O compositor do mês de abril foi um genial poço de contradições na vida e na obra
Richard Strauss fez da constante surpresa uma norma de conduta criativa. Na vida familiar, foi pacato e previsível, permanecendo casado com a soprano Pauline de Ahna por meio século, até a morte. Mas o compositor adotou sempre posturas inesperadas, que muitos não compreenderam. O competentíssimo orquestrador que deglutiu de modo genial a revolução wagneriana em seus poemas sinfônicos e assumiu-se revolucionário na Salomé do início do século transformou-se num criador musical incrivelmente bem comportado nas décadas seguintes.
O pesquisador norte-americano Bryan Gilliam, um dos mais recentes estudiosos da obra de Richard Strauss, afirma que o compositor diferencia-se pela predileção em misturar banal e sublime em sua música. "Desse modo", diz Gilliam, "ele desafia decididamente todos os estereótipos possíveis sobre os compositores dos séculos 19 e 20". O mundo, para Strauss, dividia-se entre sua vida doméstica e sua vida profissional. E ele não as misturava; ou seja, não fazia de suas angústias pessoais matéria-prima para a criação musical. Privilegiava a disciplina, a ordem e a estabilidade. Por exemplo, ele sempre admirou fanaticamente a obra de Richard Wagner, mas não hesitou em dizer que o cérebro que havia escrito Tristão e Isolda era, com certeza, "mais frio que o mármore". Moldou sua vida, ao que parece, tendo como modelo o discreto Brahms, que conheceu bem.

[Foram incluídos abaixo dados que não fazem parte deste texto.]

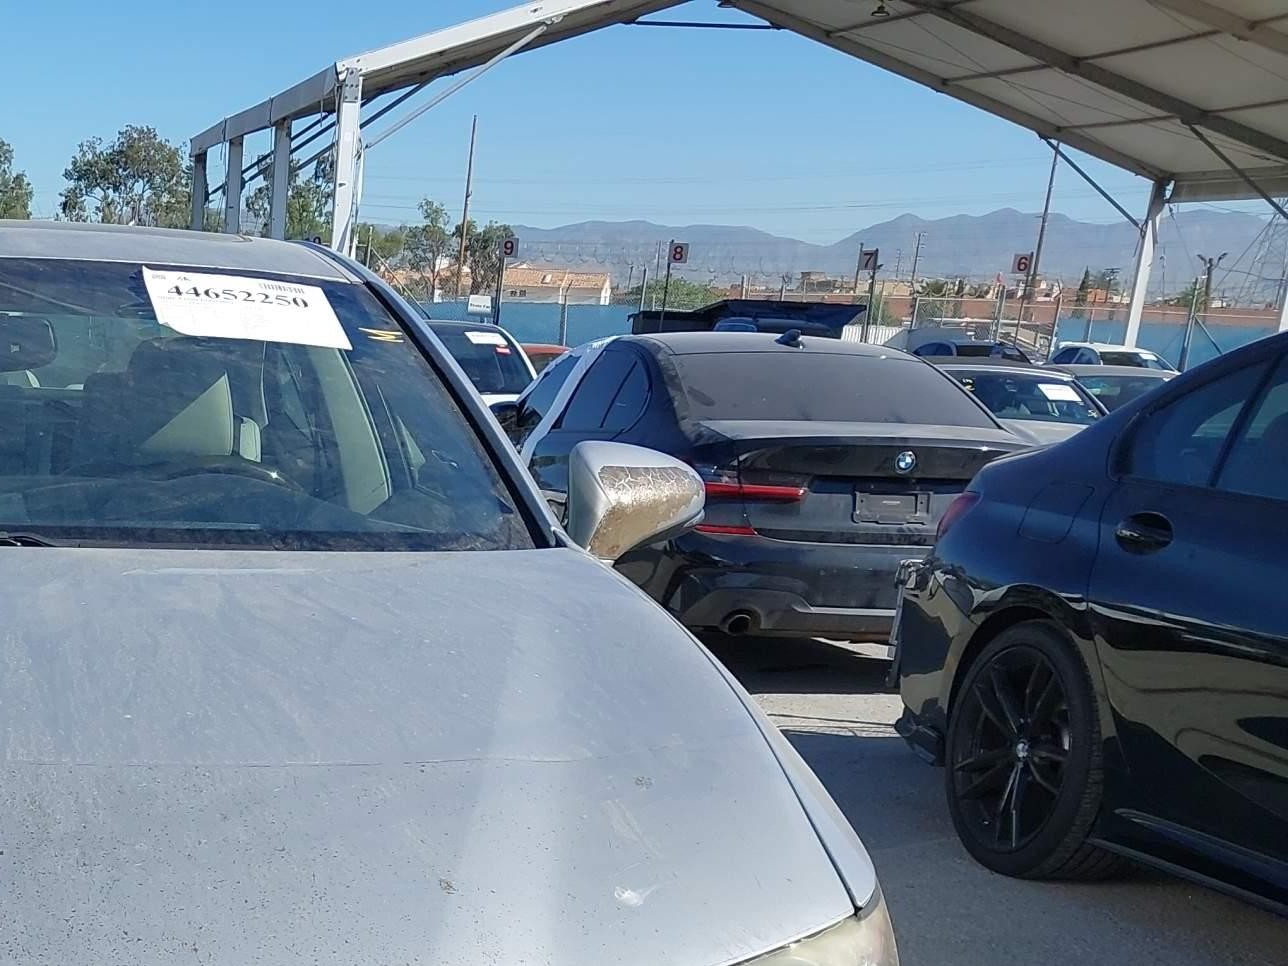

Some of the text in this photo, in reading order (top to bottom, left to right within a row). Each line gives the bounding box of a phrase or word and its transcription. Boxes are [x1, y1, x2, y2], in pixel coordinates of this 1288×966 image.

[503, 240, 515, 256] 9
[672, 245, 684, 261] 8
[863, 252, 874, 269] 7
[1016, 256, 1029, 272] 6
[167, 284, 309, 308] 44652250
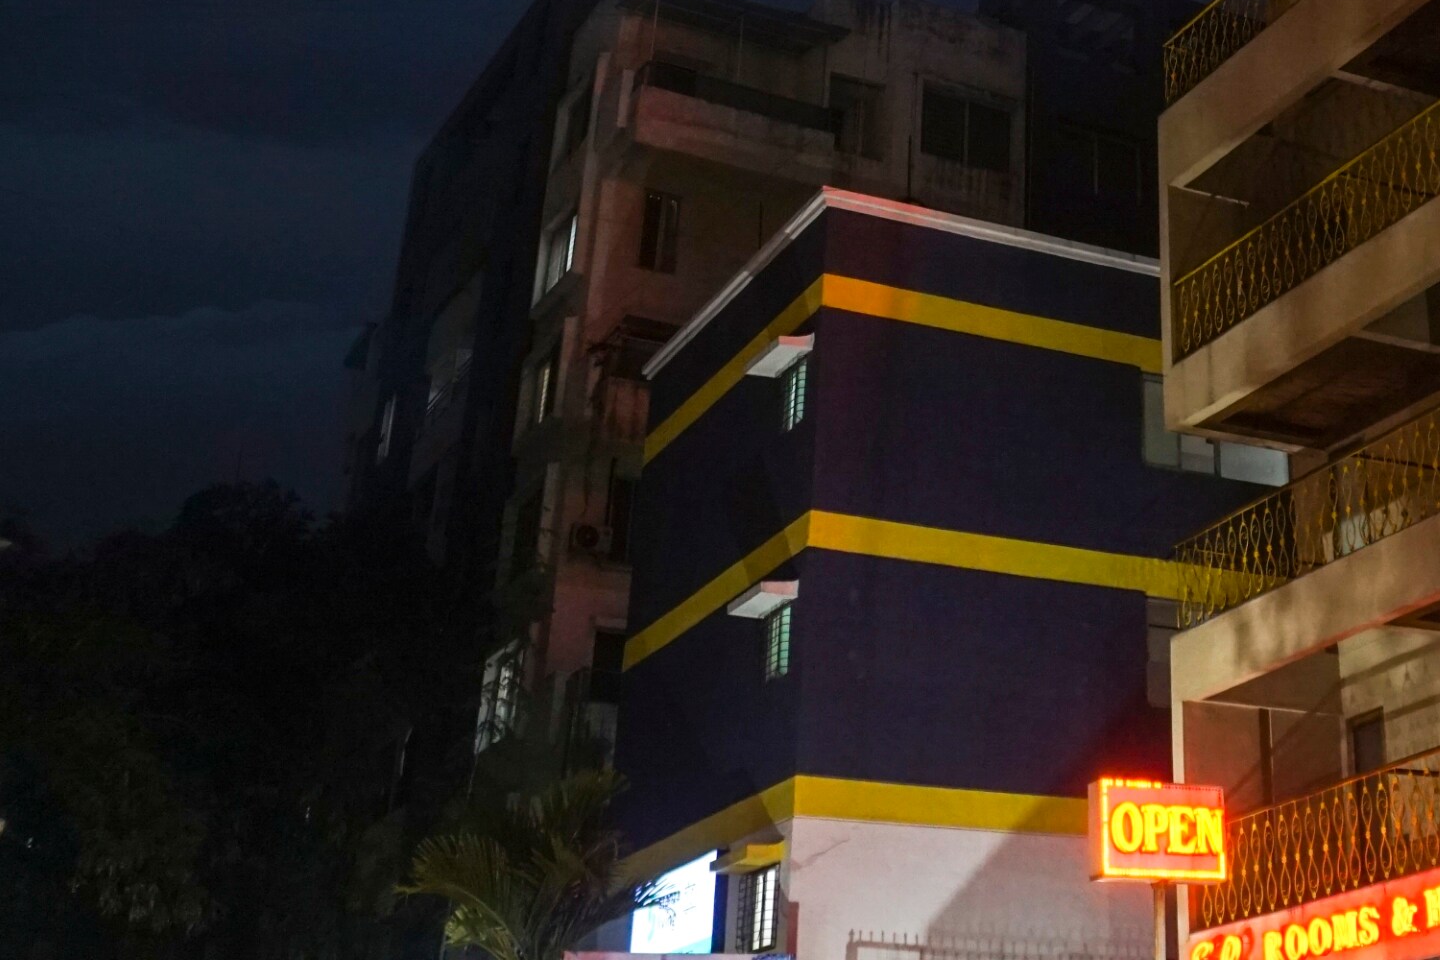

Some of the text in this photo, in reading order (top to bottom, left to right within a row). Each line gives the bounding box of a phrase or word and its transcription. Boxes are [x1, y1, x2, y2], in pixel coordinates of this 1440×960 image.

[1110, 800, 1225, 856] OPEN
[1262, 905, 1381, 960] ROOMS
[1391, 895, 1420, 937] &

Ao contrário de compositores como Gustav Mahler ou Arnold Schoenberg, que encaravam a prática musical como um ato romântico, Strauss a enxergava apenas como uma profissão. Este pragmatismo talvez seja a chave para compreendermos e degustarmos com mais adequação a sua obra genial. Ele é, afinal, um dos compositores do século 20 mais executados nas salas de concertos e casas de ópera em todo o mundo; e também é um dos mais gravados. Uma tendência que explodiu de 1968 para cá, quando o cineasta Stanley Kubrick usou a abertura do poema sinfônico Assim Falou Zaratustra em seu celebrado filme 2001 – uma odisséia no espaço.

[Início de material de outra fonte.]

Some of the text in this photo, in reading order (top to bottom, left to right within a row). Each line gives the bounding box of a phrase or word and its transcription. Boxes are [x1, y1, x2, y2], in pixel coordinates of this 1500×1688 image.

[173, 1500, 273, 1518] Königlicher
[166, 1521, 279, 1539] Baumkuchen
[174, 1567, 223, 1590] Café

Chega a ser difícil de acreditar que foi o mesmo compositor que escreveu a escandalosa Salomé, a Sinfonia Doméstica, o divertidíssimo poema sinfônico Till Eulenspiegel retratando as aventuras de um picareta, ou a ópera-pastiche O Cavaleiro da Rosa. Pessoalmente, ele também era um poço de contradições: fanático praticante do carteado e ao mesmo tempo capaz de sacar citações refinadas da obra de Goethe. Profissionalmente, chegou a reger música em supermercados nos Estados Unidos; e concordou docilmente quando Hitler, recém-chegado ao poder na Alemanha em 1933, nomeou-o presidente da Câmara de Música do Reich sem se dar ao trabalho de consultá-lo. Pior: aceitou o cargo, gesto que lhe valeu muitas críticas no finalzinho da vida, após o término da Segunda Guerra Mundial. Afinal, ele foi dócil ao regime nazista do começo ao fim. Tentou, é verdade, separar a música da esfera política, algo impossível na Alemanha nazista. Fez parceria com o judeu austríaco Stefen Zweig e por causa disso teve uma ópera sua proibida.

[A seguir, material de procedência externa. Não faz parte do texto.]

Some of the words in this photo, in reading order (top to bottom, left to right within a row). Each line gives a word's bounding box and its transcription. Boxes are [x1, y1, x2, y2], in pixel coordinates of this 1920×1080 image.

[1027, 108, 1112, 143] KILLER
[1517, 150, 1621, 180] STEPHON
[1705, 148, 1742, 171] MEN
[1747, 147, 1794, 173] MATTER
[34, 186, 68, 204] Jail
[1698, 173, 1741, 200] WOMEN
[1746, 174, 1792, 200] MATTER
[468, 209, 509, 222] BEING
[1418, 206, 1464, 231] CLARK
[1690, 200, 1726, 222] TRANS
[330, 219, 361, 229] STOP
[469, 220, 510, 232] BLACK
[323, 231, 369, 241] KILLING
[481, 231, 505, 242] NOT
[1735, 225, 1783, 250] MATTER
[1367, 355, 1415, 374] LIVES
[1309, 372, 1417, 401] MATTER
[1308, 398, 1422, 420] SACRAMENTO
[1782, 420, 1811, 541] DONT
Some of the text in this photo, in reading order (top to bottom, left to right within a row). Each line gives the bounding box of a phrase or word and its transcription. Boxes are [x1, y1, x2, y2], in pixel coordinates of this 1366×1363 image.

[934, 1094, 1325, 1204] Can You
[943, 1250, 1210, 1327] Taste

Em suma, sua vida é "uma soma extremamente complexa de verdades contraditórias" – a feliz expressão do ensaísta Isaiah Berlin busca definir a condição humana em geral, mas cabe à perfeição no perfil de Richard Strauss.
"Amanhece. O indivíduo entra no mundo, ou o mundo entra no indivíduo", escreveu Strauss no manuscrito de Assim Falou Zaratustra. A noção de progresso linear na história da música, sobretudo na do século 20, levou a uma postura radical exclusivista que não dava espaço para mais de uma perspectiva. Ora, Strauss, como escreve Gilliam, "tratava o estilo musical a partir de uma perspectiva a-histórica e crítica". Ele usava, portanto, as mais diversas técnicas e linguagens do passado como materiais para sua criação musical. Como o russo Igor Stravinsky, Strauss praticou muito tempo antes o que hoje chamamos de pós-modernismo em música. Ou seja, eles criaram música como nós, hoje, construímos o acervo de nossos iPods, juntando as músicas mais diversas, sem grande preocupação com a coerência ou com apenas um gênero ou estilo. Esta talvez seja a sua sacada mais genial e que nos torna muito próximos de sua música, neste início de século 21.
Em junho próximo completam-se 150 anos do nascimento de Richard Strauss. A Cultura FM antecipa-se às comemorações fazendo dele o compositor do mês de abril.